Scott Morrison insists ‘every effort’ was made to get vaccines, despite Greg Hunt missing Pfizer meeting | Scott Morrison
The prime minister, Scott Morrison, has rejected claims Australia missed out on securing Pfizer vaccine supplies, after the pharmaceutical company’s request for a high-level government meeting was knocked back last year.
Documents released under freedom of information to the Labor party show that representatives from Pfizer contacted the government in June 2020 suggesting a meeting between global executives and the health minister Greg Hunt.
While the correspondence shows that a health department bureaucrat attended the meeting instead of Hunt, Morrison insisted that “every effort” was made to secure vaccine supplies.
The government did not sign a deal with Pfizer until November 2020, when it secured the supply of 10m doses of its mRNA Covid-19 vaccine.
The prime minister said the “engagement” between the company and the government had begun in the first half of 2020, but Pfizer’s focus had been on the northern hemisphere, which was already grappling with the virus.
“Those discussions were already underway, but it was very clear from those discussions that the focus was not on Australia, the focus was on where people were dying in their thousands, tens of thousands, in the northern hemisphere,” Morrison said.
“It was very clear to us that what we would have to do is ensure that we had a home manufactured vaccine, and so we were applying our efforts to ensure that we had the sovereign capability to produce vaccines here in Australia and not be reliant on what would be very uncertain supplies from overseas.
“We needed to deal with our own challenges and have our own Australian solutions to them to make our own Australian way, and that’s exactly what we did.”
At the time the Pfizer deal was signed, Australia had already entered into a contract for the supply of the AstraZeneca vaccine, which could be manufactured domestically and which was to form the backbone of the vaccine program.
When Morrison was asked whether Hunt had been right not to attend the meeting at Pfizer’s request, the prime minister said: “I’ll let others make those judgments.”
“I’ll simply say this: it was one of many engagements that we were having with vaccine companies around the world, and they were happening with Pfizer at the time. To suggest that they weren’t would be false,” Morrison said.
He said there would always be “hindsight heroes”, but the government had “caught up” the vaccine program, with the extra doses secured from overseas now putting Australia back on its original target of having sufficient vaccine coverage for all Australians by October.
“When you come up against these challenges in a global crisis, you adapt, you overcome and you seek to make up the ground, and that’s exactly what the government has done,” Morrison said.
“Of course there’ll be critics in the middle of a crisis and there will be lots of hindsight heroes.
“If they want to focus on the past, that’s fine. My government is focusing on the future.”
Morrison’s defence of the government’s vaccine program comes as Labor seized on the Pfizer correspondence to harden its criticism of the rollout, saying Australia had signed the Pfizer deal months after other equivalent countries.

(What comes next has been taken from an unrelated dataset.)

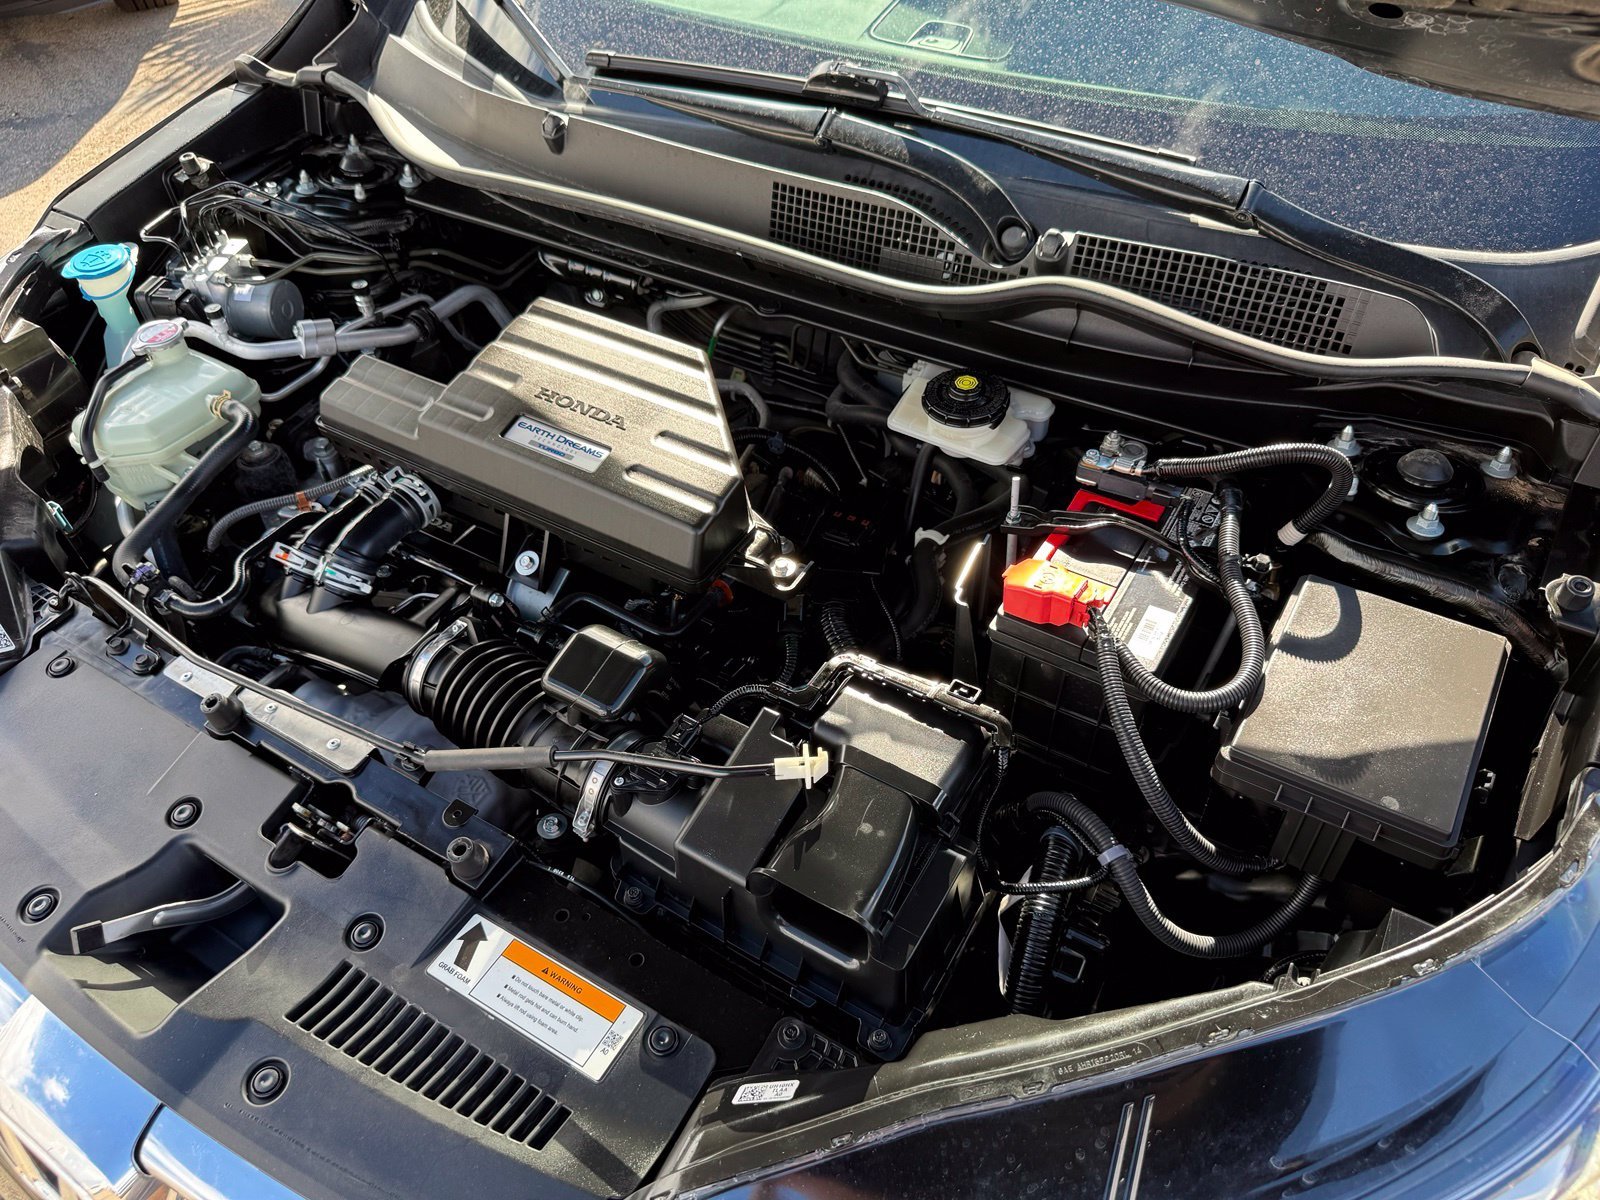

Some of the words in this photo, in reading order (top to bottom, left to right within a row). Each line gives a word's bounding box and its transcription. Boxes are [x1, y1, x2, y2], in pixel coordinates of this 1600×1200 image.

“While every other developed country in the world was tearing a hamstring to get into a meeting room with Pfizer and sign a supply deal on behalf of their people, there was a go-slow in Australia. It was too little, too late for Scott Morrison,” Labor’s shadow health minister Mark Butler said.
Morrison welcomes NSW reopening plan
On Thursday, Morrison also welcomed the NSW government’s reopening plan, saying it “kept the faith” with Australians by honouring the national plan agreed by national cabinet. He said other states should also outline their plans for vaccinated citizens.
“I look forward to similar steps being taken by other premiers around the country, which no doubt they will, because I know they want to keep that deal with Australians,” Morrison said.
Under the national plan, a gradual easing of restrictions is proposed once vaccination rates reach 70% and 80%, although the fine detail of what this will mean is yet to be agreed.
Morrison also this week told Australians overseas – of which there are an estimated 45,000 – that he was hopeful they could return by the year’s end.
But as the federal government has been laying the groundwork for a reopening of international borders, the Western Australia premier Mark McGowan suggested on Thursday that the state may keep its borders closed until April next year. Morrison, however, said he thought Western Australians would want to get vaccinated to allow the state to reopen sooner.
“He (McGowan) is making assumptions that Western Australians won’t get vaccinated until some time in January. I don’t think Western Australians will be that complacent,” Morrison said.
He said that all states would need to go “through the tunnel” to begin living with the virus, and urged WA to prepare.
“My advice to Western Australia is get vaccinated and get ready – get your hospital system ready, get your health system ready, and push through and we can all reconnect and be one again.”
According to the latest vaccination data, more than 40% of the eligible population over the age of 16 are now fully vaccinated, with 65.4% having received a first dose.
A total of 21.85 million doses have now been administered.